According to a new report published by the United Nations Food and Agriculture Organization, the livestock sector generates more greenhouse gas emissions as measured in CO2 equivalent – 18 percent – than transport. It is also a major source of land and water degradation.
Says Henning Steinfeld, Chief of FAO’s Livestock Information and Policy Branch and senior author of the report: “Livestock are one of the most significant contributors to today’s most serious environmental problems. Urgent action is required to remedy the situation.”
With increased prosperity, people are consuming more meat and dairy products every year. Global meat production is projected to more than double from 229 million tonnes in 1999/2001 to 465 million tonnes in 2050, while milk output is set to climb from 580 to 1043 million tonnes.
Long shadow
The global livestock sector is growing faster than any other agricultural sub-sector. It provides livelihoods to about 1.3 billion people and contributes about 40 percent to global agricultural output. For many poor farmers in developing countries livestock are also a source of renewable energy for draft and an essential source of organic fertilizer for their crops.
But such rapid growth exacts a steep environmental price, according to the FAO report, Livestock’s Long Shadow –Environmental Issues and Options. “The environmental costs per unit of livestock production must be cut by one half, just to avoid the level of damage worsening beyond its present level,” it warns.
When emissions from land use and land use change are included, the livestock sector accounts for 9 percent of CO2 deriving from human-related activities, but produces a much larger share of even more harmful greenhouse gases. It generates 65 percent of human-related nitrous oxide, which has 296 times the Global Warming Potential (GWP) of CO2. Most of this comes from manure.
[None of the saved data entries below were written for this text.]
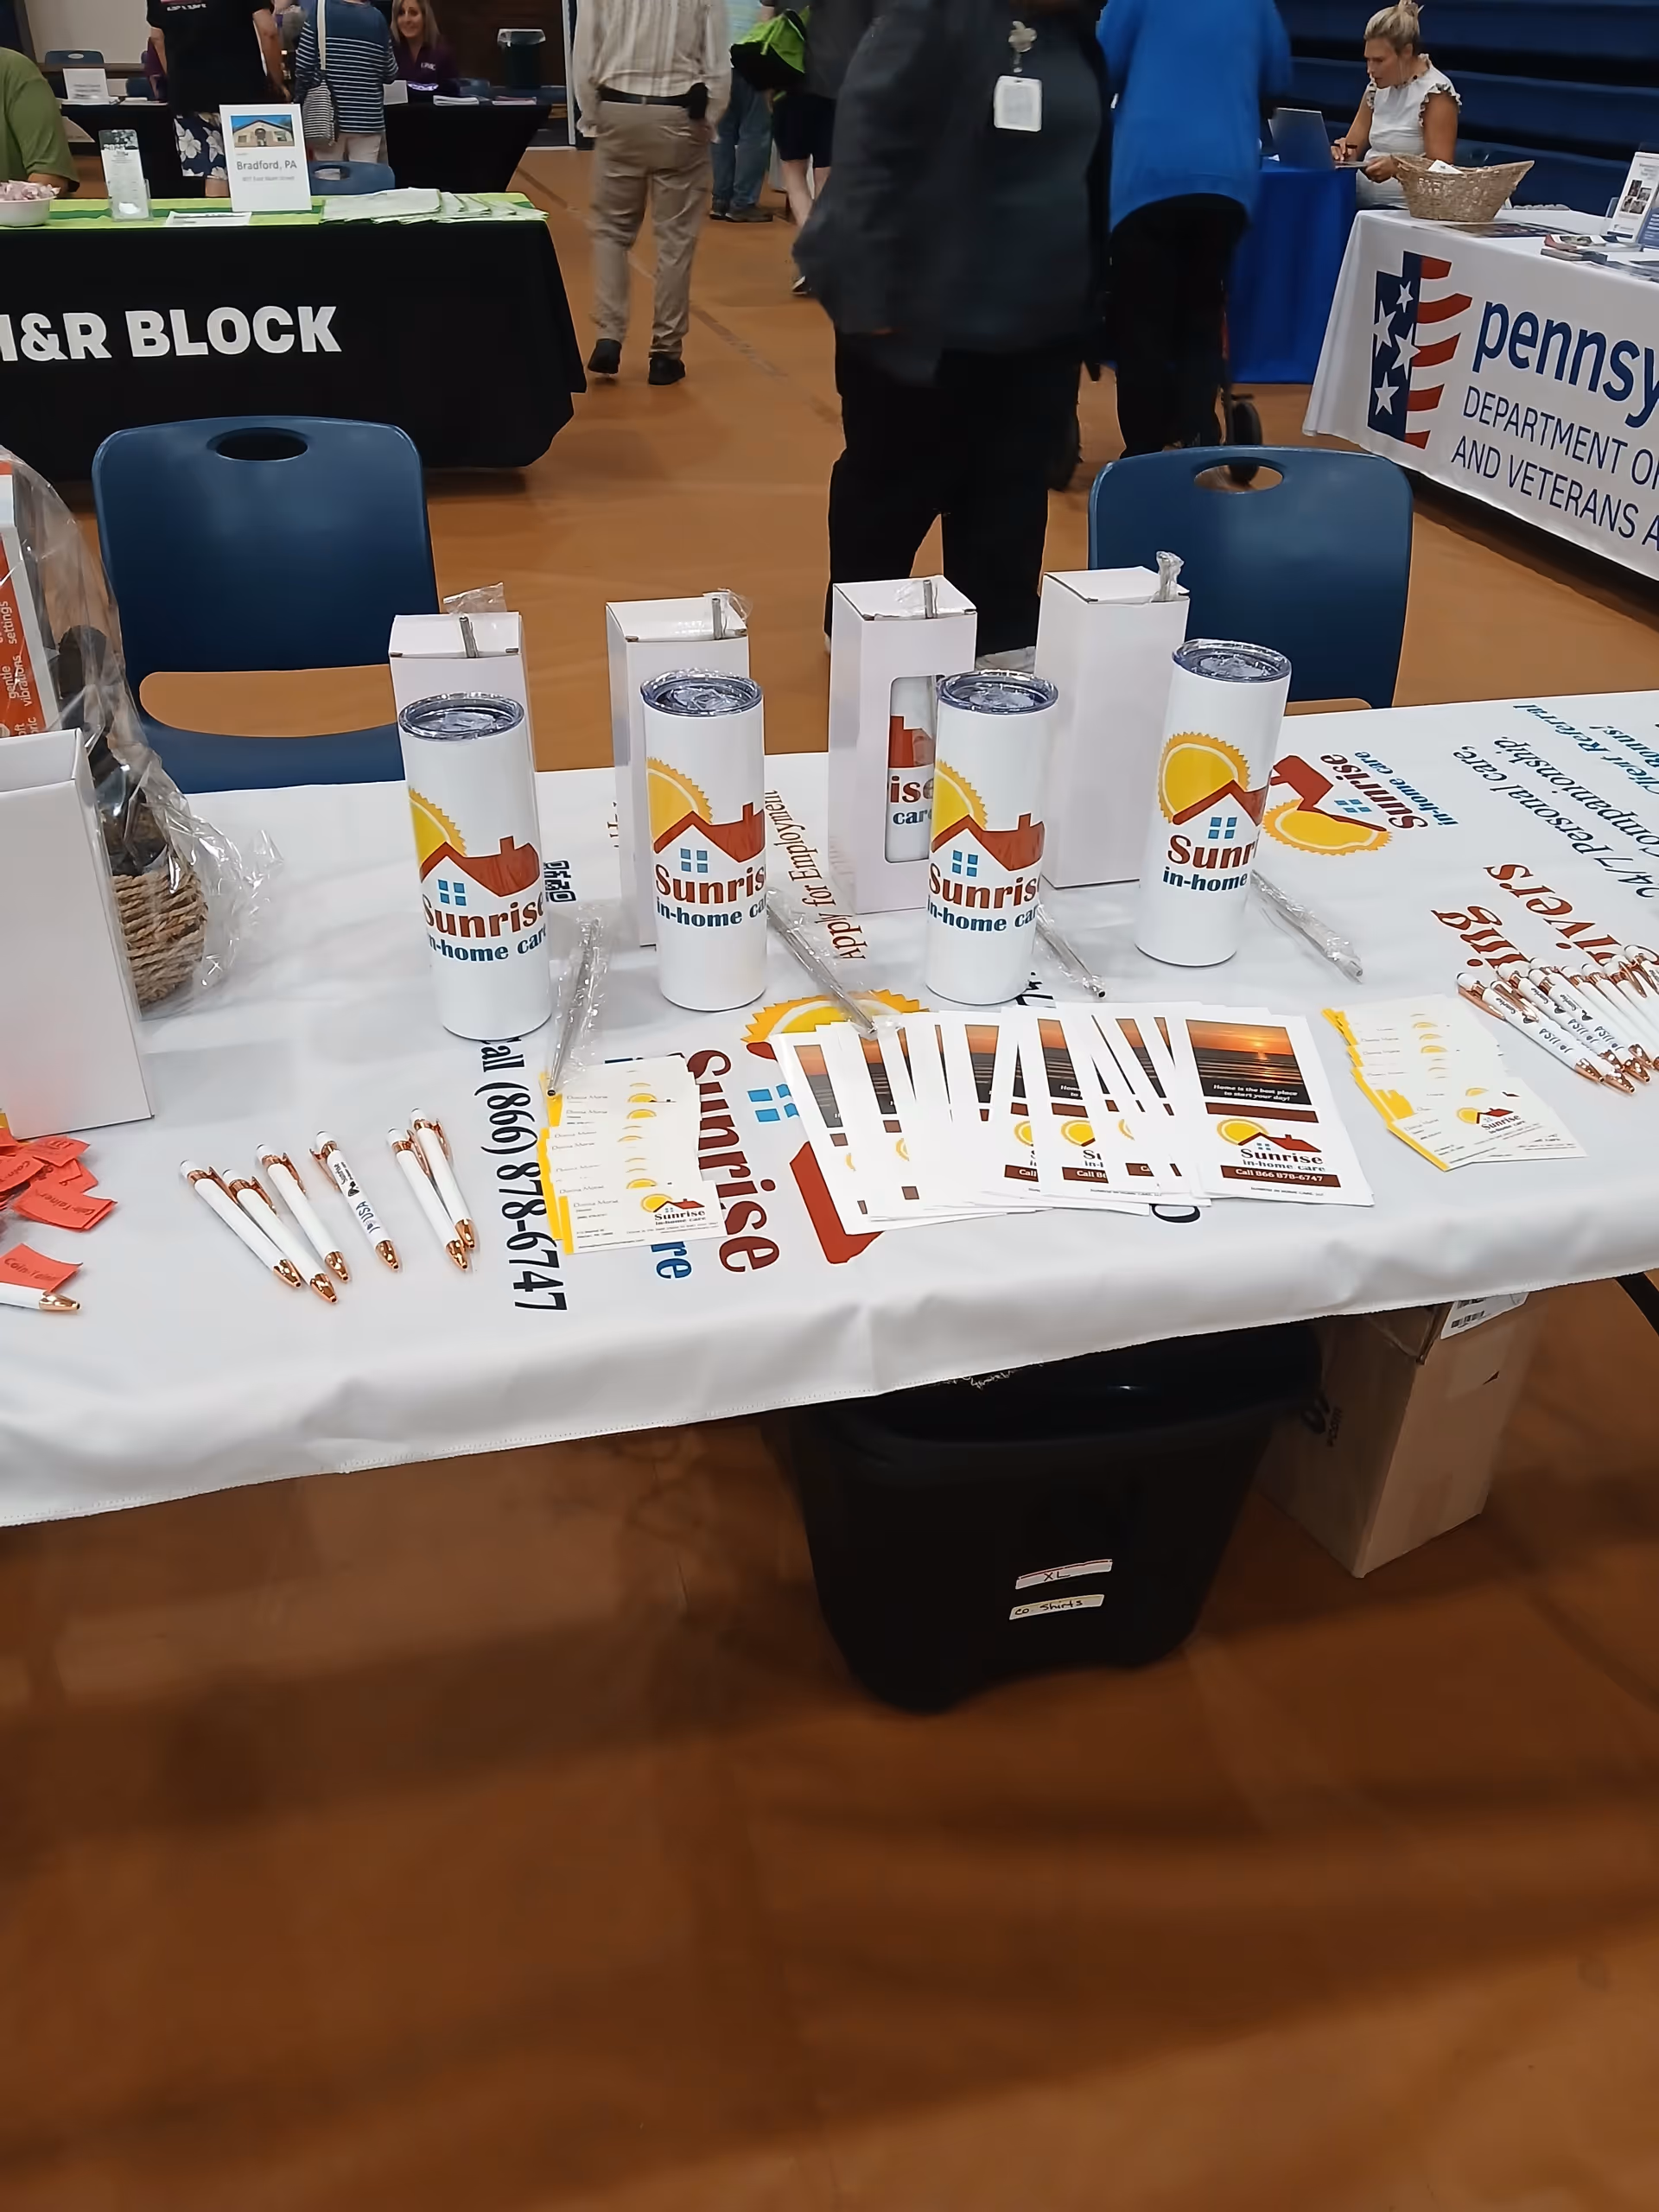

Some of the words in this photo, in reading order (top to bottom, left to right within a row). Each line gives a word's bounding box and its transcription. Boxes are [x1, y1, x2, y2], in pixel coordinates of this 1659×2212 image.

[237, 160, 283, 170] Bradford,
[284, 160, 297, 168] PA
[124, 305, 343, 358] BLOCK
[1462, 385, 1629, 474] DEPARTMENT
[1630, 448, 1659, 490] O
[1451, 435, 1502, 479] AND
[1508, 454, 1639, 538] VETERANS
[0, 601, 18, 645] settings
[2, 665, 18, 699] gentle
[1512, 704, 1611, 753] Referral
[1354, 751, 1394, 774] care
[1452, 744, 1508, 783] care,
[1319, 753, 1428, 829] Sunrise
[1389, 778, 1459, 825] in-home
[1489, 784, 1614, 855] Personal
[655, 864, 767, 904] Sunris
[801, 884, 836, 907] for
[929, 863, 1039, 910] Sunris
[1162, 866, 1248, 892] in-home
[656, 896, 742, 927] in-home
[927, 895, 1007, 931] in-home
[814, 912, 868, 959] Apply
[474, 1081, 538, 1154] (866)
[1481, 1114, 1521, 1131] Sunrise
[687, 1050, 780, 1273] Sunrise
[1076, 1169, 1096, 1179] Call
[1240, 1148, 1324, 1164] Sunrise
[1243, 1159, 1293, 1169] in-home
[1276, 1173, 1324, 1182] 878-6747
[356, 1200, 374, 1223] USA
[654, 1210, 706, 1221] Sunrise
[496, 1161, 568, 1311] 878-6747
[1043, 1571, 1071, 1582] XL
[1039, 1600, 1084, 1611] Shirts
And it accounts for respectively 37 percent of all human-induced methane (23 times as warming as CO2), which is largely produced by the digestive system of ruminants, and 64 percent of ammonia, which contributes significantly to acid rain.
Livestock now use 30 percent of the earth’s entire land surface, mostly permanent pasture but also including 33 percent of the global arable land used to producing feed for livestock, the report notes. As forests are cleared to create new pastures, it is a major driver of deforestation, especially in Latin America where, for example, some 70 percent of former forests in the Amazon have been turned over to grazing.
Land and water
At the same time herds cause wide-scale land degradation, with about 20 percent of pastures considered as degraded through overgrazing, compaction and erosion. This figure is even higher in the drylands where inappropriate policies and inadequate livestock management contribute to advancing desertification.
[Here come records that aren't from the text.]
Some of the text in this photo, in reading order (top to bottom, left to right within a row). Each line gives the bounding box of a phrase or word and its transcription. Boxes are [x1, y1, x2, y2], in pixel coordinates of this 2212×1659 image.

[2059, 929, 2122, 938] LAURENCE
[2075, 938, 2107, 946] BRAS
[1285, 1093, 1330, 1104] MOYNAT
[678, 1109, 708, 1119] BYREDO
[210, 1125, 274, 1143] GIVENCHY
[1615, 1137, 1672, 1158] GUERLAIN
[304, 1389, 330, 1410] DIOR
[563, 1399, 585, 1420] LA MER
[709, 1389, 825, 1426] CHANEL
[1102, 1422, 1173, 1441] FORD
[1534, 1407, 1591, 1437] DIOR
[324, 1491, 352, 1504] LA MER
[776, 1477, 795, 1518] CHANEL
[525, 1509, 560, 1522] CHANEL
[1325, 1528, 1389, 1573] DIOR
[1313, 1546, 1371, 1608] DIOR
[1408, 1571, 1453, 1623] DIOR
The livestock business is among the most damaging sectors to the earth’s increasingly scarce water resources, contributing among other things to water pollution, euthropication and the degeneration of coral reefs. The major polluting agents are animal wastes, antibiotics and hormones, chemicals from tanneries, fertilizers and the pesticides used to spray feed crops. Widespread overgrazing disturbs water cycles, reducing replenishment of above and below ground water resources. Significant amounts of water are withdrawn for the production of feed.
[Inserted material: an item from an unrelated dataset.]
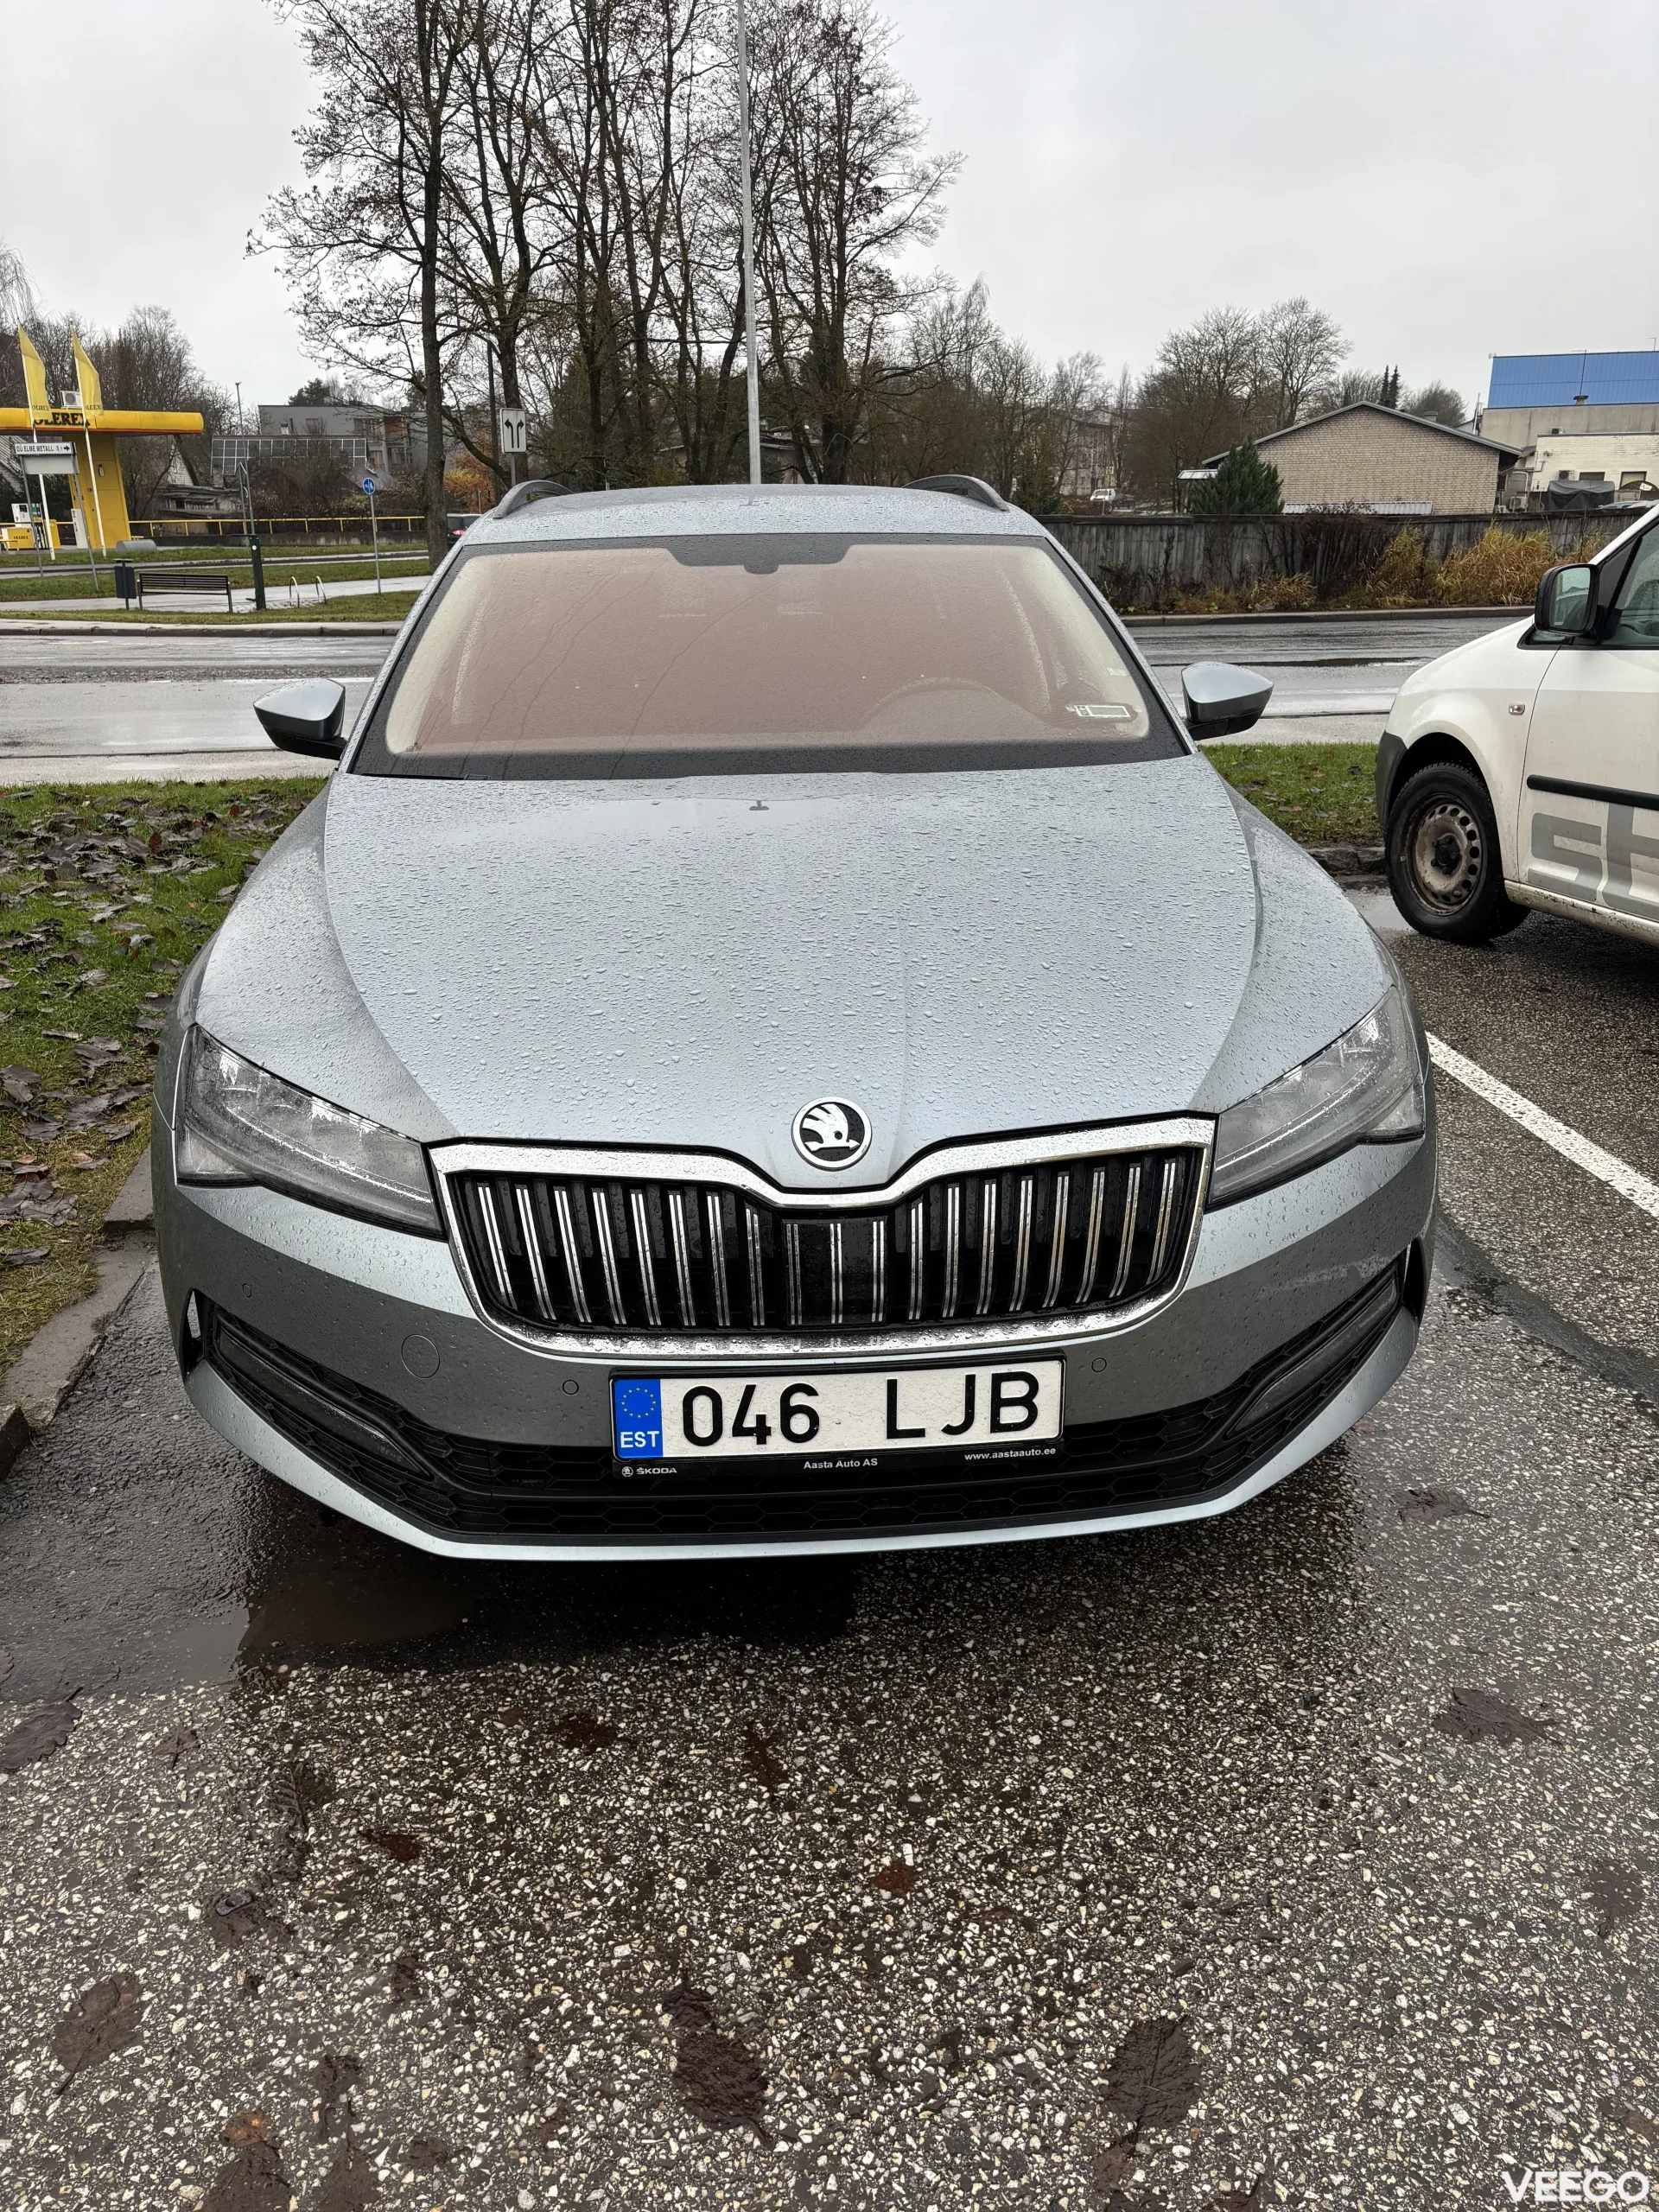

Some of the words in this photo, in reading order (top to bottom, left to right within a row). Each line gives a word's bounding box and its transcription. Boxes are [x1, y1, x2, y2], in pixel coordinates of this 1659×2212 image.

Livestock are estimated to be the main inland source of phosphorous and nitrogen contamination of the South China Sea, contributing to biodiversity loss in marine ecosystems.
Meat and dairy animals now account for about 20 percent of all terrestrial animal biomass. Livestock’s presence in vast tracts of land and its demand for feed crops also contribute to biodiversity loss; 15 out of 24 important ecosystem services are assessed as in decline, with livestock identified as a culprit.
Remedies
The report, which was produced with the support of the multi-institutional Livestock, Environment and Development (LEAD) Initiative, proposes explicitly to consider these environmental costs and suggests a number of ways of remedying the situation, including:
Land degradation – controlling access and removing obstacles to mobility on common pastures. Use of soil conservation methods and silvopastoralism, together with controlled livestock exclusion from sensitive areas; payment schemes for environmental services in livestock-based land use to help reduce and reverse land degradation.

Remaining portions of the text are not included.